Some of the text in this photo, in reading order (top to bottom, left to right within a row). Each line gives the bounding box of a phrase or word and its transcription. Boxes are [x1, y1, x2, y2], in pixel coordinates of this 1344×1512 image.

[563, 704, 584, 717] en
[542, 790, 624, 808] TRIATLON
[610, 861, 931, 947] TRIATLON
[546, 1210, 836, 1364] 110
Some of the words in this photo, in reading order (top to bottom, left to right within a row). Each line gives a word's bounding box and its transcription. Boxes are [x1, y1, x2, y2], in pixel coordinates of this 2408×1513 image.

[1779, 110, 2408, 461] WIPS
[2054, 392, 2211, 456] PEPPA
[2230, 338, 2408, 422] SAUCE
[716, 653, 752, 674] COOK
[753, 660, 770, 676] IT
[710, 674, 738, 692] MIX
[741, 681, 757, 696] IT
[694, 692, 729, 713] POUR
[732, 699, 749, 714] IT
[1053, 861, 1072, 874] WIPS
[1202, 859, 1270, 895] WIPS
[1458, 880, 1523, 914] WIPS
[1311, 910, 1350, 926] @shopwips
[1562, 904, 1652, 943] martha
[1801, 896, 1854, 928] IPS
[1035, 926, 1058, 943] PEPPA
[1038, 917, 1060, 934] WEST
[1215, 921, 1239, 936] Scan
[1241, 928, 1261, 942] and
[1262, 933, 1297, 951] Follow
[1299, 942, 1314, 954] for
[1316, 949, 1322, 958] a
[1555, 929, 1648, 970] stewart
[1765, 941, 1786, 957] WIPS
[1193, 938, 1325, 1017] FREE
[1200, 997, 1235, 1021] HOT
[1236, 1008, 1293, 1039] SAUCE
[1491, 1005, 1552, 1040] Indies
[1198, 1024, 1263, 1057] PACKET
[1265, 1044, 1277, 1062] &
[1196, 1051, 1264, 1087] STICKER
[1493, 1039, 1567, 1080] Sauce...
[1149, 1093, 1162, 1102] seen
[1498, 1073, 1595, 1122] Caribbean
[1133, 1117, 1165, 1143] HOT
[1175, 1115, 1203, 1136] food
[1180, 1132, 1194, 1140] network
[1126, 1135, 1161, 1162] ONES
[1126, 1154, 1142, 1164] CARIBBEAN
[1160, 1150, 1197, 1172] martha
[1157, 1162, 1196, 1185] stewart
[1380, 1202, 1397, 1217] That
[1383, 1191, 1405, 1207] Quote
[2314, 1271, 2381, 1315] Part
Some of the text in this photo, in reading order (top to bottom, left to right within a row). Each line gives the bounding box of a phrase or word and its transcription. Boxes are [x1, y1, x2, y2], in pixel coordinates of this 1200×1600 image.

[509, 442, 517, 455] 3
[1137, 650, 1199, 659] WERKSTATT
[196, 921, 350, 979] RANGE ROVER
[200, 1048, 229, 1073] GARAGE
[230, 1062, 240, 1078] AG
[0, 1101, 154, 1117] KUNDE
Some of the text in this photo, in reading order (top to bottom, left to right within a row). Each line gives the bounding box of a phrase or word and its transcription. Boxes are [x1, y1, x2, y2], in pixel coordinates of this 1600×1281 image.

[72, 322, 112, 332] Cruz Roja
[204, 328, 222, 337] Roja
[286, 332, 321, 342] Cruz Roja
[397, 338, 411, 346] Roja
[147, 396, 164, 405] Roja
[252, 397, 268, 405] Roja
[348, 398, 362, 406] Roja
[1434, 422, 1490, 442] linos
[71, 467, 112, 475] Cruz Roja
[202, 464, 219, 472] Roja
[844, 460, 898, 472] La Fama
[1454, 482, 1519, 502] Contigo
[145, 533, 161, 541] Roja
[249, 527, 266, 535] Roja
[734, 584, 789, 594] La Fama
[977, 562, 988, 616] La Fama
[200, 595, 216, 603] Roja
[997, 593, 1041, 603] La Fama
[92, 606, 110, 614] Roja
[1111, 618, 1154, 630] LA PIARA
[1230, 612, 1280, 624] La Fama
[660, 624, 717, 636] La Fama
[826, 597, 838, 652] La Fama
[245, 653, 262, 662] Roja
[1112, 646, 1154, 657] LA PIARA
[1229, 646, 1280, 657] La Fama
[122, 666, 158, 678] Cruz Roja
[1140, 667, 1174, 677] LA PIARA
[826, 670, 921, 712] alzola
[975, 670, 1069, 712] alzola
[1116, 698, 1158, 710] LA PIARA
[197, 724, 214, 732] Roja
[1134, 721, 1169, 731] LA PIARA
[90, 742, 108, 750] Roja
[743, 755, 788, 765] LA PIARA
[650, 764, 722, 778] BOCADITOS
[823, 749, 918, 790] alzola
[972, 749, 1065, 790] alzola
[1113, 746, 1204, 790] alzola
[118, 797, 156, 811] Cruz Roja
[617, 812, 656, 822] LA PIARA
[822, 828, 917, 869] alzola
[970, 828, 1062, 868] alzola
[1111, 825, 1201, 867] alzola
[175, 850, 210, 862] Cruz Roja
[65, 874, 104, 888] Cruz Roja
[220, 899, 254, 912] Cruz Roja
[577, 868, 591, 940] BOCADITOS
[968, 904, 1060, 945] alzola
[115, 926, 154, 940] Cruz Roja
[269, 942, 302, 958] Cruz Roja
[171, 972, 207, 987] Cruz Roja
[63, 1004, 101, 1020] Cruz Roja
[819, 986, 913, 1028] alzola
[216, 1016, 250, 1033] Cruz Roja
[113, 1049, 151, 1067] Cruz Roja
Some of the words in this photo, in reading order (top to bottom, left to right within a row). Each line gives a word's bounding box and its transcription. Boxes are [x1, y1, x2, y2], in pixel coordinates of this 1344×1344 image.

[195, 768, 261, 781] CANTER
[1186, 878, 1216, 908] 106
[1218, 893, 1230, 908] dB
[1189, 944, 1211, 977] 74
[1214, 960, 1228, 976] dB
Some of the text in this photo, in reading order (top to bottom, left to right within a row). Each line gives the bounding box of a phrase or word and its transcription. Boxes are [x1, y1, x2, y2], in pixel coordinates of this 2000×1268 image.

= = = = =

TASK STATEMENT » Repeat all the material, keeping each line identical.

RESULT »
Some of the text in this photo, in reading order (top to bottom, left to right within a row). Each line gives the bounding box of a phrase or word and its transcription. Boxes are [x1, y1, x2, y2], in pixel coordinates of this 1344×1512 image.

[563, 704, 584, 717] en
[542, 790, 624, 808] TRIATLON
[610, 861, 931, 947] TRIATLON
[546, 1210, 836, 1364] 110
Some of the words in this photo, in reading order (top to bottom, left to right within a row). Each line gives a word's bounding box and its transcription. Boxes are [x1, y1, x2, y2], in pixel coordinates of this 2408×1513 image.

[1779, 110, 2408, 461] WIPS
[2054, 392, 2211, 456] PEPPA
[2230, 338, 2408, 422] SAUCE
[716, 653, 752, 674] COOK
[753, 660, 770, 676] IT
[710, 674, 738, 692] MIX
[741, 681, 757, 696] IT
[694, 692, 729, 713] POUR
[732, 699, 749, 714] IT
[1053, 861, 1072, 874] WIPS
[1202, 859, 1270, 895] WIPS
[1458, 880, 1523, 914] WIPS
[1311, 910, 1350, 926] @shopwips
[1562, 904, 1652, 943] martha
[1801, 896, 1854, 928] IPS
[1035, 926, 1058, 943] PEPPA
[1038, 917, 1060, 934] WEST
[1215, 921, 1239, 936] Scan
[1241, 928, 1261, 942] and
[1262, 933, 1297, 951] Follow
[1299, 942, 1314, 954] for
[1316, 949, 1322, 958] a
[1555, 929, 1648, 970] stewart
[1765, 941, 1786, 957] WIPS
[1193, 938, 1325, 1017] FREE
[1200, 997, 1235, 1021] HOT
[1236, 1008, 1293, 1039] SAUCE
[1491, 1005, 1552, 1040] Indies
[1198, 1024, 1263, 1057] PACKET
[1265, 1044, 1277, 1062] &
[1196, 1051, 1264, 1087] STICKER
[1493, 1039, 1567, 1080] Sauce...
[1149, 1093, 1162, 1102] seen
[1498, 1073, 1595, 1122] Caribbean
[1133, 1117, 1165, 1143] HOT
[1175, 1115, 1203, 1136] food
[1180, 1132, 1194, 1140] network
[1126, 1135, 1161, 1162] ONES
[1126, 1154, 1142, 1164] CARIBBEAN
[1160, 1150, 1197, 1172] martha
[1157, 1162, 1196, 1185] stewart
[1380, 1202, 1397, 1217] That
[1383, 1191, 1405, 1207] Quote
[2314, 1271, 2381, 1315] Part
Some of the text in this photo, in reading order (top to bottom, left to right within a row). Each line gives the bounding box of a phrase or word and its transcription. Boxes are [x1, y1, x2, y2], in pixel coordinates of this 1200×1600 image.

[509, 442, 517, 455] 3
[1137, 650, 1199, 659] WERKSTATT
[196, 921, 350, 979] RANGE ROVER
[200, 1048, 229, 1073] GARAGE
[230, 1062, 240, 1078] AG
[0, 1101, 154, 1117] KUNDE
Some of the text in this photo, in reading order (top to bottom, left to right within a row). Each line gives the bounding box of a phrase or word and its transcription. Boxes are [x1, y1, x2, y2], in pixel coordinates of this 1600×1281 image.

[72, 322, 112, 332] Cruz Roja
[204, 328, 222, 337] Roja
[286, 332, 321, 342] Cruz Roja
[397, 338, 411, 346] Roja
[147, 396, 164, 405] Roja
[252, 397, 268, 405] Roja
[348, 398, 362, 406] Roja
[1434, 422, 1490, 442] linos
[71, 467, 112, 475] Cruz Roja
[202, 464, 219, 472] Roja
[844, 460, 898, 472] La Fama
[1454, 482, 1519, 502] Contigo
[145, 533, 161, 541] Roja
[249, 527, 266, 535] Roja
[734, 584, 789, 594] La Fama
[977, 562, 988, 616] La Fama
[200, 595, 216, 603] Roja
[997, 593, 1041, 603] La Fama
[92, 606, 110, 614] Roja
[1111, 618, 1154, 630] LA PIARA
[1230, 612, 1280, 624] La Fama
[660, 624, 717, 636] La Fama
[826, 597, 838, 652] La Fama
[245, 653, 262, 662] Roja
[1112, 646, 1154, 657] LA PIARA
[1229, 646, 1280, 657] La Fama
[122, 666, 158, 678] Cruz Roja
[1140, 667, 1174, 677] LA PIARA
[826, 670, 921, 712] alzola
[975, 670, 1069, 712] alzola
[1116, 698, 1158, 710] LA PIARA
[197, 724, 214, 732] Roja
[1134, 721, 1169, 731] LA PIARA
[90, 742, 108, 750] Roja
[743, 755, 788, 765] LA PIARA
[650, 764, 722, 778] BOCADITOS
[823, 749, 918, 790] alzola
[972, 749, 1065, 790] alzola
[1113, 746, 1204, 790] alzola
[118, 797, 156, 811] Cruz Roja
[617, 812, 656, 822] LA PIARA
[822, 828, 917, 869] alzola
[970, 828, 1062, 868] alzola
[1111, 825, 1201, 867] alzola
[175, 850, 210, 862] Cruz Roja
[65, 874, 104, 888] Cruz Roja
[220, 899, 254, 912] Cruz Roja
[577, 868, 591, 940] BOCADITOS
[968, 904, 1060, 945] alzola
[115, 926, 154, 940] Cruz Roja
[269, 942, 302, 958] Cruz Roja
[171, 972, 207, 987] Cruz Roja
[63, 1004, 101, 1020] Cruz Roja
[819, 986, 913, 1028] alzola
[216, 1016, 250, 1033] Cruz Roja
[113, 1049, 151, 1067] Cruz Roja
Some of the words in this photo, in reading order (top to bottom, left to right within a row). Each line gives a word's bounding box and its transcription. Boxes are [x1, y1, x2, y2], in pixel coordinates of this 1344×1344 image.

[195, 768, 261, 781] CANTER
[1186, 878, 1216, 908] 106
[1218, 893, 1230, 908] dB
[1189, 944, 1211, 977] 74
[1214, 960, 1228, 976] dB
Some of the text in this photo, in reading order (top to bottom, left to right within a row). Each line gives the bounding box of a phrase or word and its transcription. Boxes are [x1, y1, x2, y2], in pixel coordinates of this 2000×1268 image.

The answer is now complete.